4.2 The Customer acknowledges that any attempt to repair, service or tamper with the Equipment may invalidate the manufacturer’s warranty.
- Title and risk
5.1 The risk in the Equipment shall pass to the Customer on completion of delivery.
5.2 Subject to clause 5.3, title to the Equipment shall not pass to the Customer until the Contract is validly terminated in accordance with these Conditions and all sums due under the Contract, including but not limited to Cancellation Fees, have been paid by the Customer to Zusi.
5.3 Until title to the Equipment has passed to the Customer, the Customer shall:
(a) maintain the Equipment in satisfactory condition and keep it insured against all risks for its full price on Zusi’s behalf from the date of delivery;
(b) notify Zusi immediately if the Customer becomes subject to any of the events listed in clause 13.2(b) to clause 13.2(d); and
(c) give Zusi such information relating to the Equipment as Zusi may require from time to time.

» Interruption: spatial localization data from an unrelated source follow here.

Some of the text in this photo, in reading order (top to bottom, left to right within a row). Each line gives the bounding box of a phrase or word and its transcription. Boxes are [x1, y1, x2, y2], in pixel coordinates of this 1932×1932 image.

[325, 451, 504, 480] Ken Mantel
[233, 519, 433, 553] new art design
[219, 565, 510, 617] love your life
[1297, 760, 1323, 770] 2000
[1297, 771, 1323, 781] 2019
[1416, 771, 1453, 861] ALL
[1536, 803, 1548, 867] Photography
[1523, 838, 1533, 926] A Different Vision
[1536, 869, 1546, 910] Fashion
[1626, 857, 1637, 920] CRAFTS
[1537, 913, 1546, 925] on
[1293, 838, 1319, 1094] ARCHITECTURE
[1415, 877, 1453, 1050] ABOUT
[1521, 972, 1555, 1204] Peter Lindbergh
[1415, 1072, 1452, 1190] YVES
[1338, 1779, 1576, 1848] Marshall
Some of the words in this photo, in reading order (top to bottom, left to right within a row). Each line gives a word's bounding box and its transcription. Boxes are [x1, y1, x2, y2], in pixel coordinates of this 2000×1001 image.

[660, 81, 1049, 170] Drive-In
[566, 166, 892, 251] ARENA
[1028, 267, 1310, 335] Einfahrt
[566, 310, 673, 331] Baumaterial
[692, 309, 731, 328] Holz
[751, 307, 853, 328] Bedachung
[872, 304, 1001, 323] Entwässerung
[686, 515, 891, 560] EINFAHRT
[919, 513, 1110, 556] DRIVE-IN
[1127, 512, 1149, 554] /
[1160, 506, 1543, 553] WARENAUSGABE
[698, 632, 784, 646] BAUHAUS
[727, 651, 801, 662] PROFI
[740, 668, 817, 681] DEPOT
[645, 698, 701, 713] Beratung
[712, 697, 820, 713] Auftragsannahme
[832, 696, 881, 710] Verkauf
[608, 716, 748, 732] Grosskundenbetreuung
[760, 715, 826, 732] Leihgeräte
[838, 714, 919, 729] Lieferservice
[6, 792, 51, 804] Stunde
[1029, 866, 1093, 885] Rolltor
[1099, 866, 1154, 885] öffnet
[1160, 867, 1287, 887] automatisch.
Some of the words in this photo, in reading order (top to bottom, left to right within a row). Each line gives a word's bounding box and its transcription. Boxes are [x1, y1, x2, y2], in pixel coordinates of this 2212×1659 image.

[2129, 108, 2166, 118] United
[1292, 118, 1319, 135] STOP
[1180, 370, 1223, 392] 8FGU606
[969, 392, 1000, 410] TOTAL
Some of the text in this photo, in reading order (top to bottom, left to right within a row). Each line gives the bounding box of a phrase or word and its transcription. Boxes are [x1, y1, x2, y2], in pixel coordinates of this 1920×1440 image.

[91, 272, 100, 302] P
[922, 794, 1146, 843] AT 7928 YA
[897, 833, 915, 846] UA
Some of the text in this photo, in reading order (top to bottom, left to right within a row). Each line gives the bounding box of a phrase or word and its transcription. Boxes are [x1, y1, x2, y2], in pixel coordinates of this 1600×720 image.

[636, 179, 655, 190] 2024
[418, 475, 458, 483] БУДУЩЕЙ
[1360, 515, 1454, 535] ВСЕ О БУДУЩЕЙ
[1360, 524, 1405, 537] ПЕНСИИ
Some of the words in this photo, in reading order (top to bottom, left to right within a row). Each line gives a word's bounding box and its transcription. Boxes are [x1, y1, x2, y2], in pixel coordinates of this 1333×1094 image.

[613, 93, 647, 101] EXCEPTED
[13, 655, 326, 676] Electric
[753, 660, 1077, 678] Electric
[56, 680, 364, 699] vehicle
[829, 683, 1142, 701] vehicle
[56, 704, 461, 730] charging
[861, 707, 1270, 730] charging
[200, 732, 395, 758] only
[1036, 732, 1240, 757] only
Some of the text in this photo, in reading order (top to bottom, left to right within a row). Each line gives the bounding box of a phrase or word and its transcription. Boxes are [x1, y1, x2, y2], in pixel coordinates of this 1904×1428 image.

(d) Any equipment provided by Zusi which includes desk phone and routers unless paid for by the customer upfront in full will be put onto a 36 month contract on the hardware only.
5.4 If before title to the Equipment passes to the Customer, the Customer becomes subject to any of the events listed in clause 13.2(b) to clause 13.2(d), then, without limiting any other right or remedy Zusi may have:
(a) Zusi may at any time:
(i) require the Customer to deliver up all Equipment in its possession and
(ii) if the Customer fails to do so promptly, enter any premises of the Customer or of any third party where the Equipment is stored in order to recover each item of Equipment.
- Supply of Services
6.1 In consideration of the Customer paying the Charges and fulfilling all of its commitments as set out in the Contract, Zusi agrees to supply and the Customer agrees to receive the Services and/or the Equipment subject to the provisions of the Contract.
- Customer’s obligations
7.1 The Customer shall:
(a) ensure that the terms of the Order are complete and accurate;
(b) co-operate with Zusi in all matters relating to the Services;
(c) provide Zusi with such information and materials as Zusi may reasonably require in order to supply the Services, and ensure that such information is complete and accurate in all material respects;
(d) promptly notify Zusi of a change of address, change of registered office or change of trading location(s);
(e) comply with Zusi’s reasonable instructions (or the Manufacturer’s literature) in relation to the set up, installation, configuration, use and maintenance of the Equipment or any third party equipment or software that is necessary for the Services to work effectively
(f) authorise Zusi or its agents to enter the Customer’s premises to install or configure the Equipment or any third party equipment or software that is necessary for the Services to work effectively;
(g) set up on-line billing and not cancel on-line billing prior to the termination of the Contract;
(h) return to Zusi a hardcopy of the signed Contract within 14 days of the Commencement Date;
(i) until the Contract has been terminated, only contract with Zusi in respect of the Services and shall not enter into a contract with a third party for the provision of Services which are provided under the Contract
7.2 The obligations set out at clauses 7.1 (a) to (j) above are conditions of the Contract.
- Charges and payment
8.1 In addition to the charges detailed at clause 8.2 of these Conditions, the price for the Services and Equipment shall be the price set out in the Order or, if no price is quoted, the price set out in Zusi’s price list as at the Commencement Date. The price payable for additional services and out of bundle charges (unless indicated as inclusive in the Order), including but not limited to, bolt on services, call features, calls to international numbers, calls to the Channel Islands, calls to service numbers, calls to premium rate numbers, calls to 09 numbers, calls to 0845 & 0870 numbers, calls to mobiles, internet calls, calls or data usage above the Fair Usage Policy, information and paging services shall be the price specified in Zusi’s price list at the time such additional services or out of bundle services are utilised.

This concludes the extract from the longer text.